- [THE PROBLEM]:
Nothing should be left out: write out the whole listing exactly.

- [INPUT RECORDS]:
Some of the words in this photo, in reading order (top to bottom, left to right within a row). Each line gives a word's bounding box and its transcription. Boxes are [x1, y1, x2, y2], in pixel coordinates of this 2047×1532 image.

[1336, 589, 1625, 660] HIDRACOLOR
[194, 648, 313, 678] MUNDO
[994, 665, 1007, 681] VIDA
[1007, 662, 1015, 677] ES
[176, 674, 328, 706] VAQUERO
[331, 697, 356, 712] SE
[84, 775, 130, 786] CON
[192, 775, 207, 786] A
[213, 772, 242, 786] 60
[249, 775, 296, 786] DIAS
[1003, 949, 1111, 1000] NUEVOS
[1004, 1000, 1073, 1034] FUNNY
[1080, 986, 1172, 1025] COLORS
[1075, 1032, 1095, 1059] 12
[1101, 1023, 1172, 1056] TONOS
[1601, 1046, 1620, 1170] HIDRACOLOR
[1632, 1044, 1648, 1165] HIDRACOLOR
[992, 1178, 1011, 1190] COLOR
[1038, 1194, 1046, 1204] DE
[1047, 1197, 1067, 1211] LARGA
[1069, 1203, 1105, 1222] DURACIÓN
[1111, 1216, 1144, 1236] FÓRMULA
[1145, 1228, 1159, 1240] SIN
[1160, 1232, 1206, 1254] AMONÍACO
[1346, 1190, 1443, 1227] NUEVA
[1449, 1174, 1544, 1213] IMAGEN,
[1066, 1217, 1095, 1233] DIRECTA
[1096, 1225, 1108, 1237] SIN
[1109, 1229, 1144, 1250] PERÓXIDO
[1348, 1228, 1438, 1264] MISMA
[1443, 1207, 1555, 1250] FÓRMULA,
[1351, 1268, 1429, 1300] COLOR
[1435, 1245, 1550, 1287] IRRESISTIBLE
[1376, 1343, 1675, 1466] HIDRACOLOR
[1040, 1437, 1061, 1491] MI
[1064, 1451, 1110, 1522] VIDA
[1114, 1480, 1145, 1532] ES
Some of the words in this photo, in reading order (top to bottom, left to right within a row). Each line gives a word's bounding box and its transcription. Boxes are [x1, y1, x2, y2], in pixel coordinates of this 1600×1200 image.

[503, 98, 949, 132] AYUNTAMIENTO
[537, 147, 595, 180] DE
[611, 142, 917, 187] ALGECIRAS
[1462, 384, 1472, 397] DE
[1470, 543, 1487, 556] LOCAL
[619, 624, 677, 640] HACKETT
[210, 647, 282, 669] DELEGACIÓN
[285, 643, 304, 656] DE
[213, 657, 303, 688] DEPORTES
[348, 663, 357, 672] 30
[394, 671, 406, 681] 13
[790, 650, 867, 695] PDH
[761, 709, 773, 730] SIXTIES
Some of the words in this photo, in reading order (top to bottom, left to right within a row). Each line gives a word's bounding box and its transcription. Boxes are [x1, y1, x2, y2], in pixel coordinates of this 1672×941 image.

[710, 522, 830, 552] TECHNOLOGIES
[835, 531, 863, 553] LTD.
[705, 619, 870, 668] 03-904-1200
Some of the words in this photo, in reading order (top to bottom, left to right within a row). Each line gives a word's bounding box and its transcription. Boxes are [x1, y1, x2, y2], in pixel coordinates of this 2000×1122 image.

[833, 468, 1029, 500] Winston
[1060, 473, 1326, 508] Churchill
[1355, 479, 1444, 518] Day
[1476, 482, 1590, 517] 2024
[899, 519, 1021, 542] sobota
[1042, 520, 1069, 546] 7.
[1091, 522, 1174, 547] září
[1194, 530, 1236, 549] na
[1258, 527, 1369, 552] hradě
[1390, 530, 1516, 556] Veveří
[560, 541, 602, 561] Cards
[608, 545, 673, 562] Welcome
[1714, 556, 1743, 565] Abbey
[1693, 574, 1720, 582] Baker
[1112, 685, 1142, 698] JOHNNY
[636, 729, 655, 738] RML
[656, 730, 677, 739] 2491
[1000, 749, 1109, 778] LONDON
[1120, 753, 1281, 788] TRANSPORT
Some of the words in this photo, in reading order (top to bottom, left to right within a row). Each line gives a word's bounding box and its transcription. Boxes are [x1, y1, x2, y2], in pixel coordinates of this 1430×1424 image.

- [EXERCISE OUTPUT]:
Some of the words in this photo, in reading order (top to bottom, left to right within a row). Each line gives a word's bounding box and its transcription. Boxes are [x1, y1, x2, y2], in pixel coordinates of this 2047×1532 image.

[1336, 589, 1625, 660] HIDRACOLOR
[194, 648, 313, 678] MUNDO
[994, 665, 1007, 681] VIDA
[1007, 662, 1015, 677] ES
[176, 674, 328, 706] VAQUERO
[331, 697, 356, 712] SE
[84, 775, 130, 786] CON
[192, 775, 207, 786] A
[213, 772, 242, 786] 60
[249, 775, 296, 786] DIAS
[1003, 949, 1111, 1000] NUEVOS
[1004, 1000, 1073, 1034] FUNNY
[1080, 986, 1172, 1025] COLORS
[1075, 1032, 1095, 1059] 12
[1101, 1023, 1172, 1056] TONOS
[1601, 1046, 1620, 1170] HIDRACOLOR
[1632, 1044, 1648, 1165] HIDRACOLOR
[992, 1178, 1011, 1190] COLOR
[1038, 1194, 1046, 1204] DE
[1047, 1197, 1067, 1211] LARGA
[1069, 1203, 1105, 1222] DURACIÓN
[1111, 1216, 1144, 1236] FÓRMULA
[1145, 1228, 1159, 1240] SIN
[1160, 1232, 1206, 1254] AMONÍACO
[1346, 1190, 1443, 1227] NUEVA
[1449, 1174, 1544, 1213] IMAGEN,
[1066, 1217, 1095, 1233] DIRECTA
[1096, 1225, 1108, 1237] SIN
[1109, 1229, 1144, 1250] PERÓXIDO
[1348, 1228, 1438, 1264] MISMA
[1443, 1207, 1555, 1250] FÓRMULA,
[1351, 1268, 1429, 1300] COLOR
[1435, 1245, 1550, 1287] IRRESISTIBLE
[1376, 1343, 1675, 1466] HIDRACOLOR
[1040, 1437, 1061, 1491] MI
[1064, 1451, 1110, 1522] VIDA
[1114, 1480, 1145, 1532] ES
Some of the words in this photo, in reading order (top to bottom, left to right within a row). Each line gives a word's bounding box and its transcription. Boxes are [x1, y1, x2, y2], in pixel coordinates of this 1600×1200 image.

[503, 98, 949, 132] AYUNTAMIENTO
[537, 147, 595, 180] DE
[611, 142, 917, 187] ALGECIRAS
[1462, 384, 1472, 397] DE
[1470, 543, 1487, 556] LOCAL
[619, 624, 677, 640] HACKETT
[210, 647, 282, 669] DELEGACIÓN
[285, 643, 304, 656] DE
[213, 657, 303, 688] DEPORTES
[348, 663, 357, 672] 30
[394, 671, 406, 681] 13
[790, 650, 867, 695] PDH
[761, 709, 773, 730] SIXTIES
Some of the words in this photo, in reading order (top to bottom, left to right within a row). Each line gives a word's bounding box and its transcription. Boxes are [x1, y1, x2, y2], in pixel coordinates of this 1672×941 image.

[710, 522, 830, 552] TECHNOLOGIES
[835, 531, 863, 553] LTD.
[705, 619, 870, 668] 03-904-1200
Some of the words in this photo, in reading order (top to bottom, left to right within a row). Each line gives a word's bounding box and its transcription. Boxes are [x1, y1, x2, y2], in pixel coordinates of this 2000×1122 image.

[833, 468, 1029, 500] Winston
[1060, 473, 1326, 508] Churchill
[1355, 479, 1444, 518] Day
[1476, 482, 1590, 517] 2024
[899, 519, 1021, 542] sobota
[1042, 520, 1069, 546] 7.
[1091, 522, 1174, 547] září
[1194, 530, 1236, 549] na
[1258, 527, 1369, 552] hradě
[1390, 530, 1516, 556] Veveří
[560, 541, 602, 561] Cards
[608, 545, 673, 562] Welcome
[1714, 556, 1743, 565] Abbey
[1693, 574, 1720, 582] Baker
[1112, 685, 1142, 698] JOHNNY
[636, 729, 655, 738] RML
[656, 730, 677, 739] 2491
[1000, 749, 1109, 778] LONDON
[1120, 753, 1281, 788] TRANSPORT
Some of the words in this photo, in reading order (top to bottom, left to right within a row). Each line gives a word's bounding box and its transcription. Boxes are [x1, y1, x2, y2], in pixel coordinates of this 1430×1424 image.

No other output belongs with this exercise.